═══ Exercise material

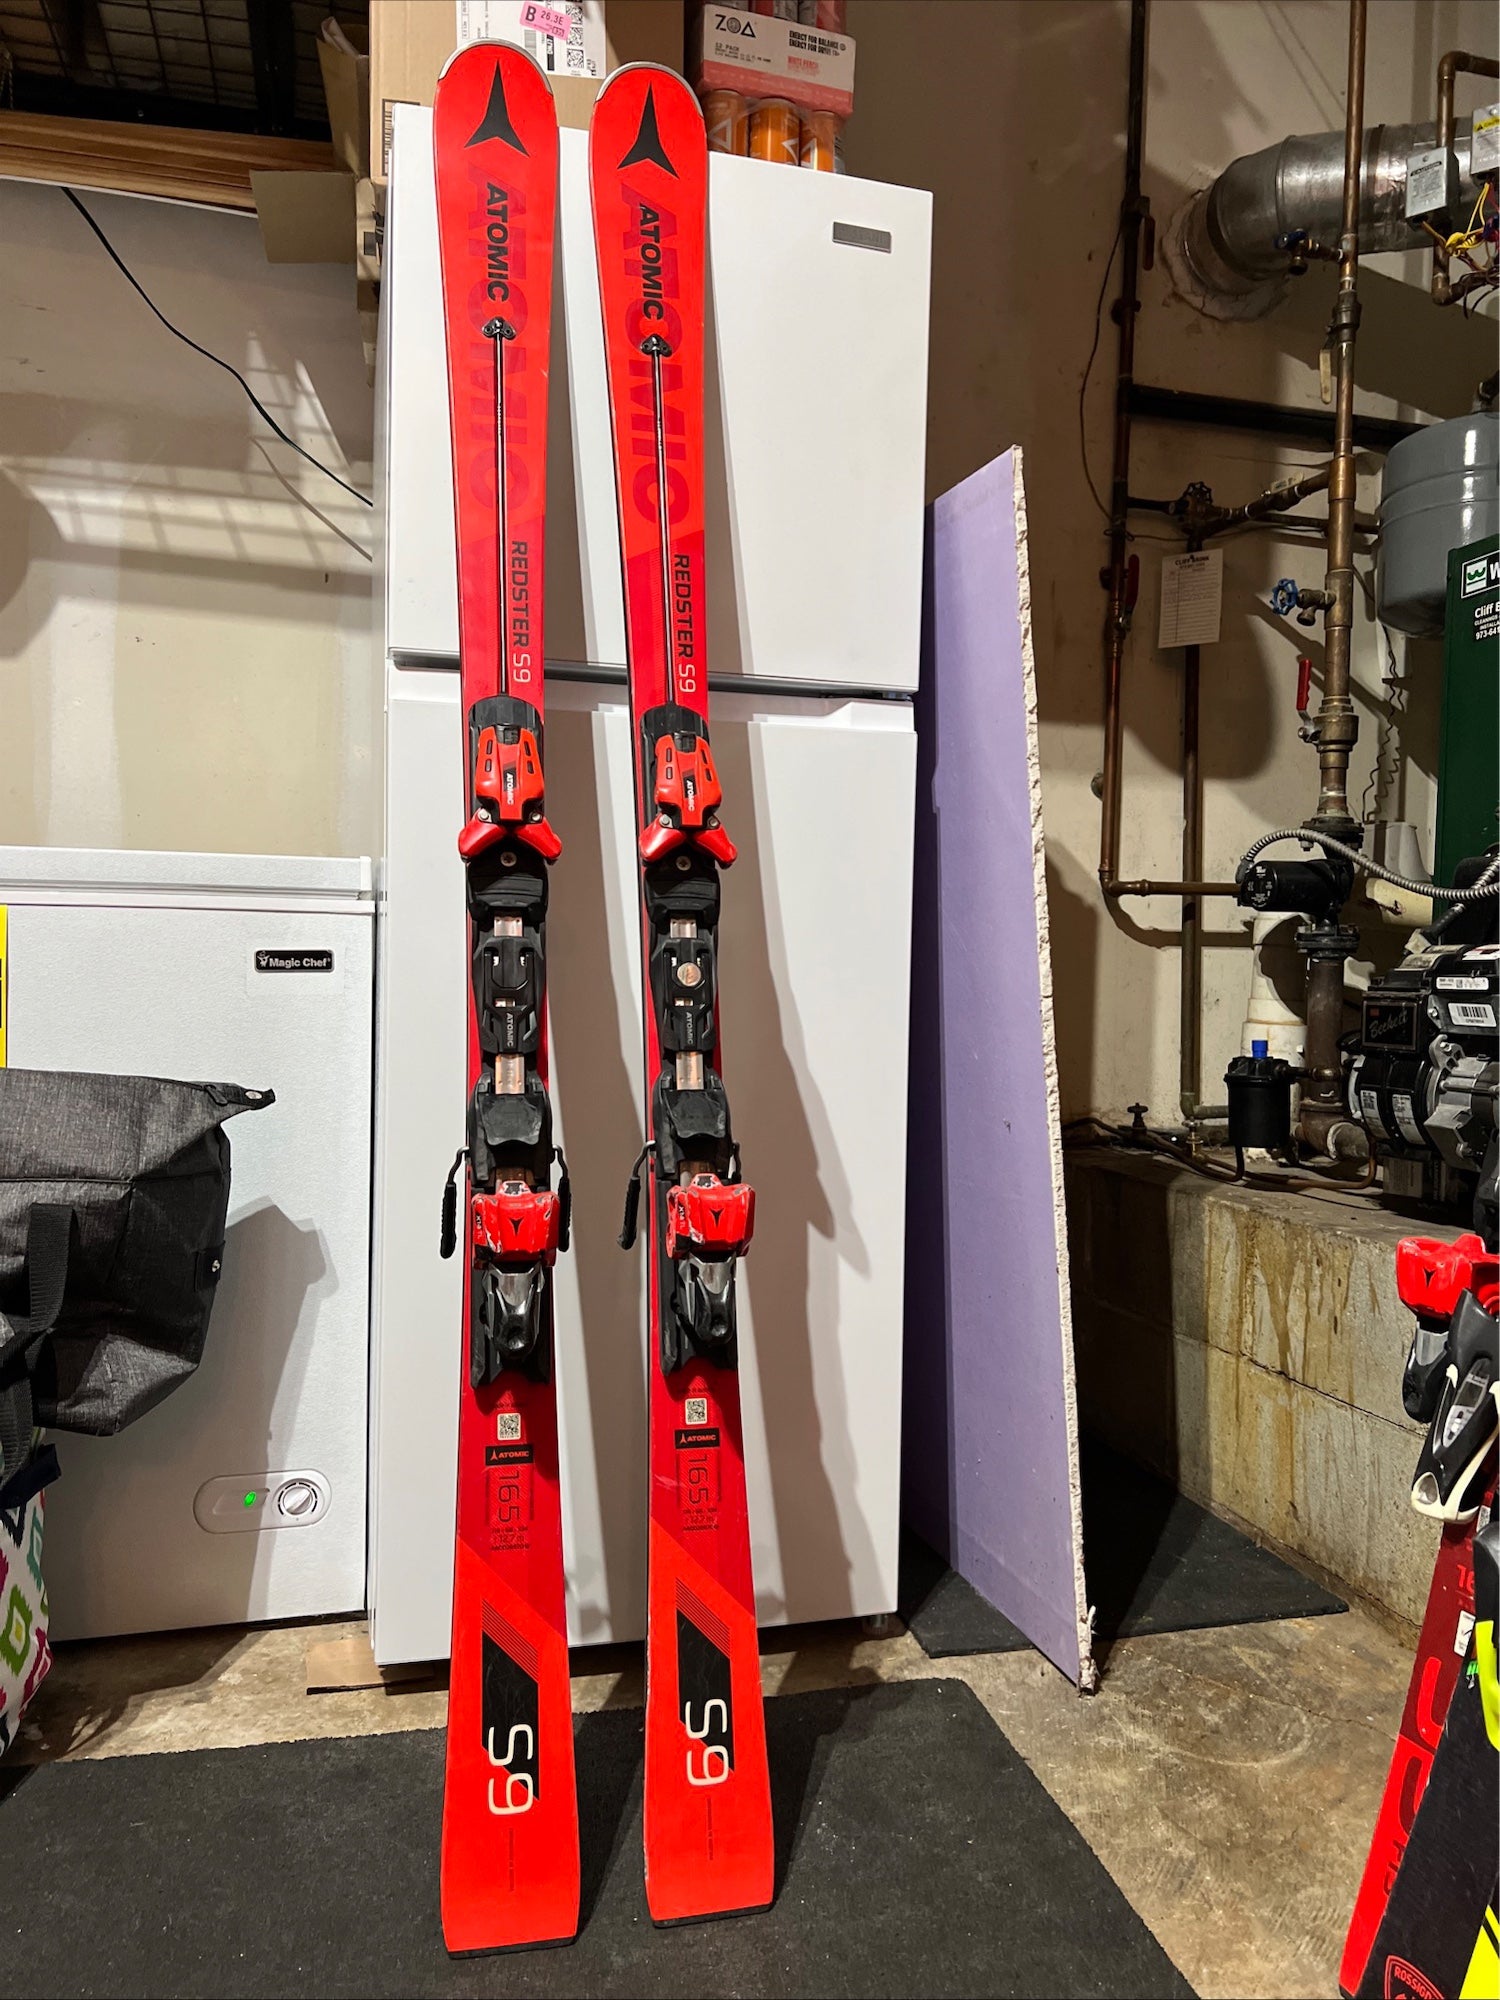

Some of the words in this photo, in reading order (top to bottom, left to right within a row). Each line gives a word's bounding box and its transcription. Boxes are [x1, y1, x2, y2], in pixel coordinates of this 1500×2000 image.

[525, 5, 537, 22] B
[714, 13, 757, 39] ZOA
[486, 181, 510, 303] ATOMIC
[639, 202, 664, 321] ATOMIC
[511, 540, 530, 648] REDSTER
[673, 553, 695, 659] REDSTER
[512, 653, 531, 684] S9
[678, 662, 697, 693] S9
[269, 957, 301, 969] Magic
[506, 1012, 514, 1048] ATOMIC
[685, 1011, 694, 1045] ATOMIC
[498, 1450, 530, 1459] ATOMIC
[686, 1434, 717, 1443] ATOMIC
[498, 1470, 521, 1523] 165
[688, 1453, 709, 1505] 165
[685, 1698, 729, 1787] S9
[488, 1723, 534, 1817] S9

══════

**Aim of the exercise**
All entries above are to be reproduced exactly, with no pictures.

**Exercise answer**
Some of the words in this photo, in reading order (top to bottom, left to right within a row). Each line gives a word's bounding box and its transcription. Boxes are [x1, y1, x2, y2], in pixel coordinates of this 1500×2000 image.

[525, 5, 537, 22] B
[714, 13, 757, 39] ZOA
[486, 181, 510, 303] ATOMIC
[639, 202, 664, 321] ATOMIC
[511, 540, 530, 648] REDSTER
[673, 553, 695, 659] REDSTER
[512, 653, 531, 684] S9
[678, 662, 697, 693] S9
[269, 957, 301, 969] Magic
[506, 1012, 514, 1048] ATOMIC
[685, 1011, 694, 1045] ATOMIC
[498, 1450, 530, 1459] ATOMIC
[686, 1434, 717, 1443] ATOMIC
[498, 1470, 521, 1523] 165
[688, 1453, 709, 1505] 165
[685, 1698, 729, 1787] S9
[488, 1723, 534, 1817] S9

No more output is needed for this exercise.